そんなうたい文句に感動して、私、檜山泉もこの春から宇宙旅行専門の旅行代理店で働き出したばかりだ。
――だけど、その1年後。私は採掘ロボ片手に宇宙へ飛び出していた。
理由は単純。ある人に、宇宙で温泉旅行がしたいと言われたからだ。
「酸素濃度、水質共に良好。ハビタブルゾーンギリギリの辺境惑星だけど、その分、恒星に近くて盛大なオーロラが見れるし、とってもいい場所だって思わない?」
「はぁ。ボクはあなたと一緒に地球を出た時、ただの採掘ロボだったはずなんですが……。なんでこうなったのか」
「そんな細かいこと気にするより、これからどうやってこの星にお客さんを呼ぶかを考えよう!」
「そうですね。あなたはそういう人でした」
諦めたような目でかぶりを振る青年型アンドロイドの肩を2、3回叩いてから、私は噴水の如く吹き上がる源泉に目を向けた。
「……まにあうかな」
「あなたが感傷に浸るなんて珍しい」
「そりゃあね。ただでさえ少なくなった日本人の、しかもお婆ちゃんだよ。

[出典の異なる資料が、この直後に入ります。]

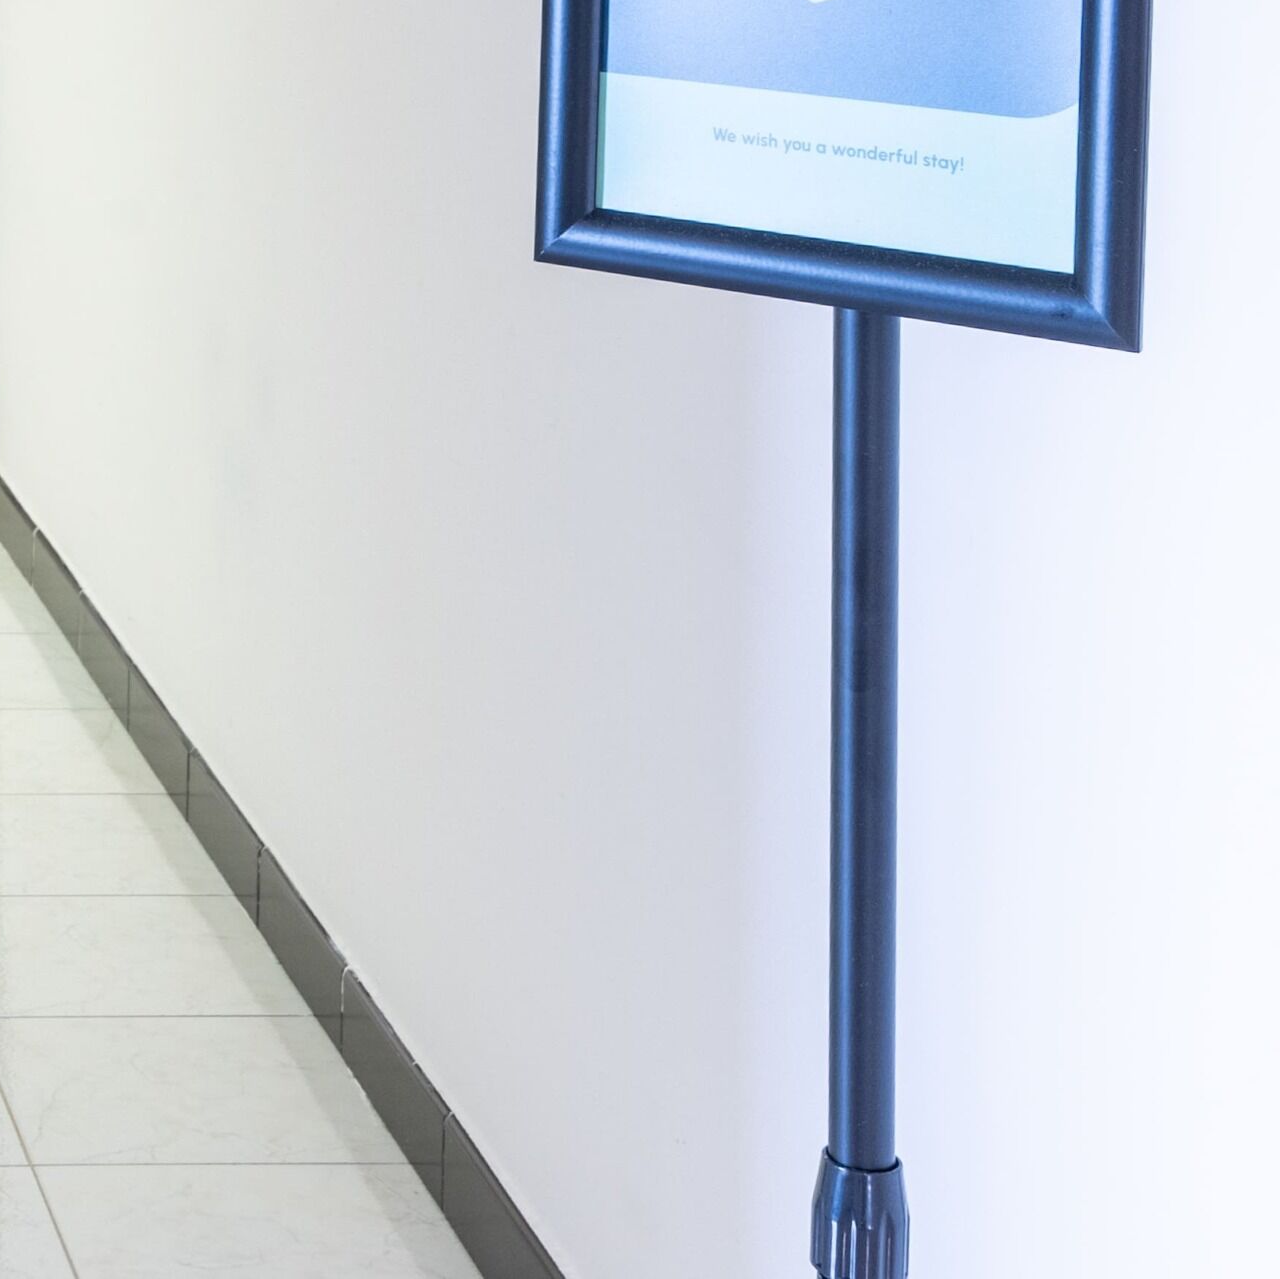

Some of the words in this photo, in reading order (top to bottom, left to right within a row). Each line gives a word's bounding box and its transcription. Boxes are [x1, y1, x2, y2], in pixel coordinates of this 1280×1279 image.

急がないと約束に間に合わないじゃん」
「ああ、わざわざあなたを指名して宇宙で温泉旅行がしたいとか、無理難題を言っ……いたっ! なにするんですか!」
その気になれば、1000を超える敵性生命体や宇宙マフィアと単騎で渡り合える性能を持った最新鋭アンドロイドが、私のげんこつ一発で涙目になった。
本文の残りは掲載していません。